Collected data
════════════════
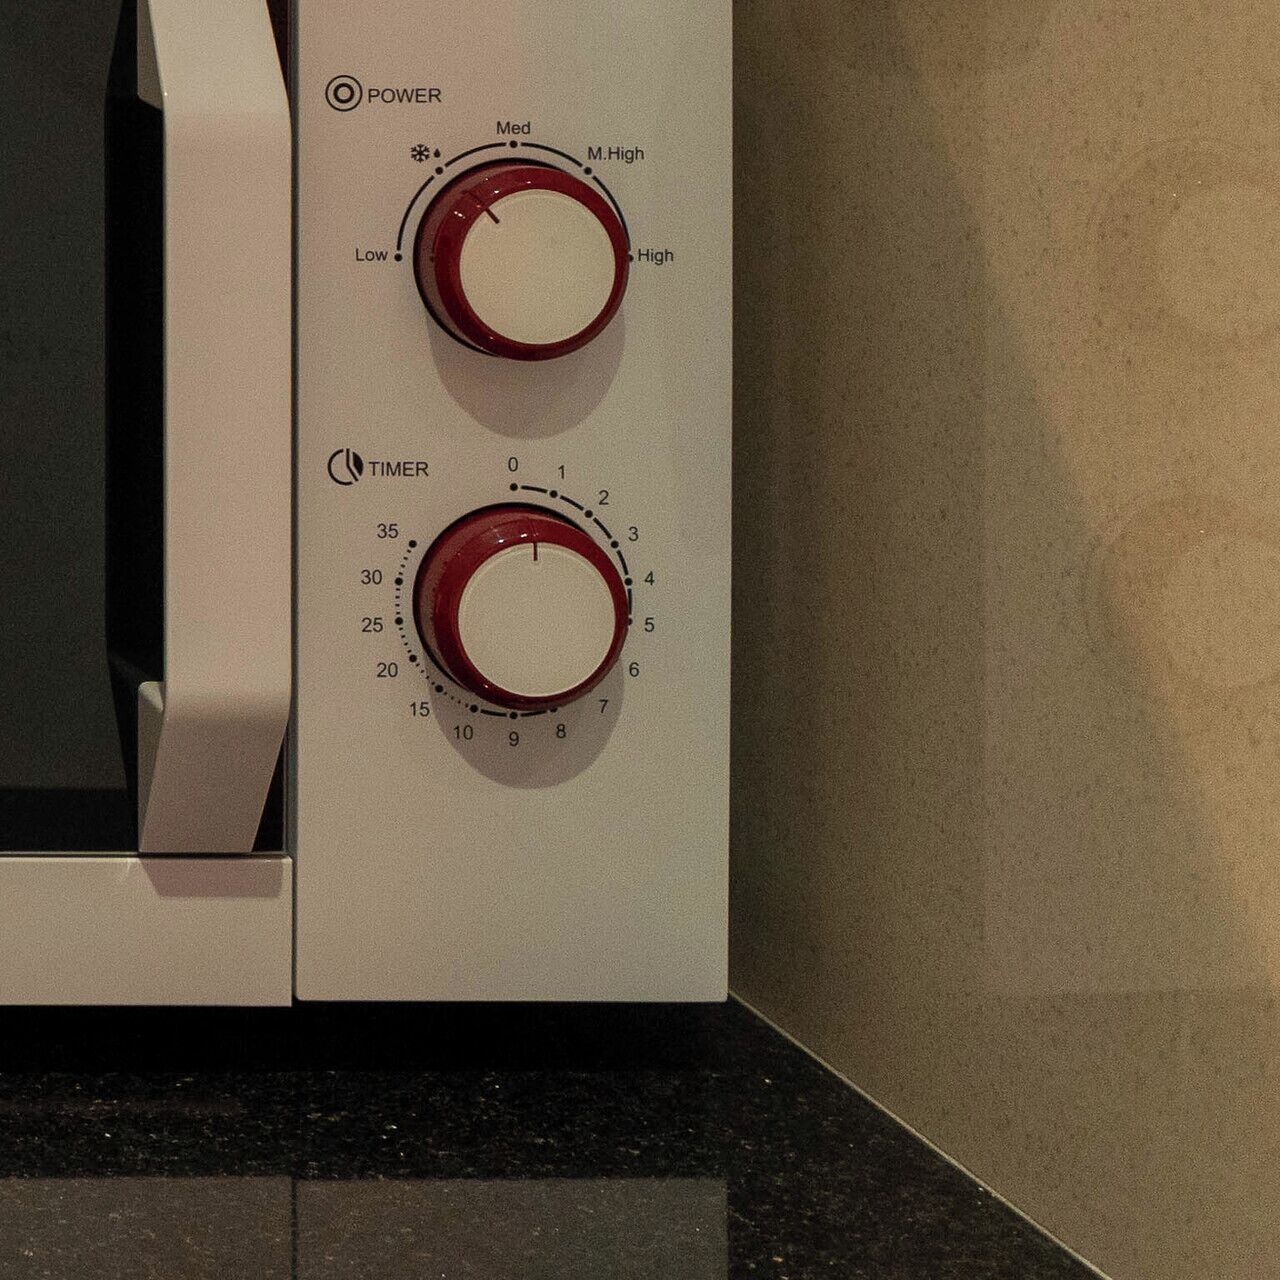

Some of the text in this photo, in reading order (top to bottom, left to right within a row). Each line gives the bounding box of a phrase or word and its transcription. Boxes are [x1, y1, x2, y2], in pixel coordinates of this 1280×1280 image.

[368, 88, 442, 103] POWER
[496, 121, 531, 135] Med
[587, 146, 644, 162] M.High
[355, 248, 388, 262] Low
[638, 248, 674, 264] High
[368, 461, 429, 477] TIMER
[508, 457, 518, 472] 0
[558, 465, 566, 479] 1
[599, 490, 609, 505] 2
[377, 523, 399, 539] 35
[629, 527, 639, 542] 3
[361, 570, 382, 585] 30
[644, 571, 655, 586] 4
[361, 617, 383, 633] 25
[644, 618, 655, 633] 5
[377, 663, 398, 678] 20
[629, 663, 639, 678] 6
[410, 702, 429, 717] 15
[599, 699, 609, 714] 7
[454, 725, 473, 740] 10
[508, 731, 519, 746] 9
[556, 724, 567, 739] 8
════════════════
Exercise requirements
All of the entries, apart from the pictures, must be returned exactly.

Task answer
Some of the text in this photo, in reading order (top to bottom, left to right within a row). Each line gives the bounding box of a phrase or word and its transcription. Boxes are [x1, y1, x2, y2], in pixel coordinates of this 1280×1280 image.

[368, 88, 442, 103] POWER
[496, 121, 531, 135] Med
[587, 146, 644, 162] M.High
[355, 248, 388, 262] Low
[638, 248, 674, 264] High
[368, 461, 429, 477] TIMER
[508, 457, 518, 472] 0
[558, 465, 566, 479] 1
[599, 490, 609, 505] 2
[377, 523, 399, 539] 35
[629, 527, 639, 542] 3
[361, 570, 382, 585] 30
[644, 571, 655, 586] 4
[361, 617, 383, 633] 25
[644, 618, 655, 633] 5
[377, 663, 398, 678] 20
[629, 663, 639, 678] 6
[410, 702, 429, 717] 15
[599, 699, 609, 714] 7
[454, 725, 473, 740] 10
[508, 731, 519, 746] 9
[556, 724, 567, 739] 8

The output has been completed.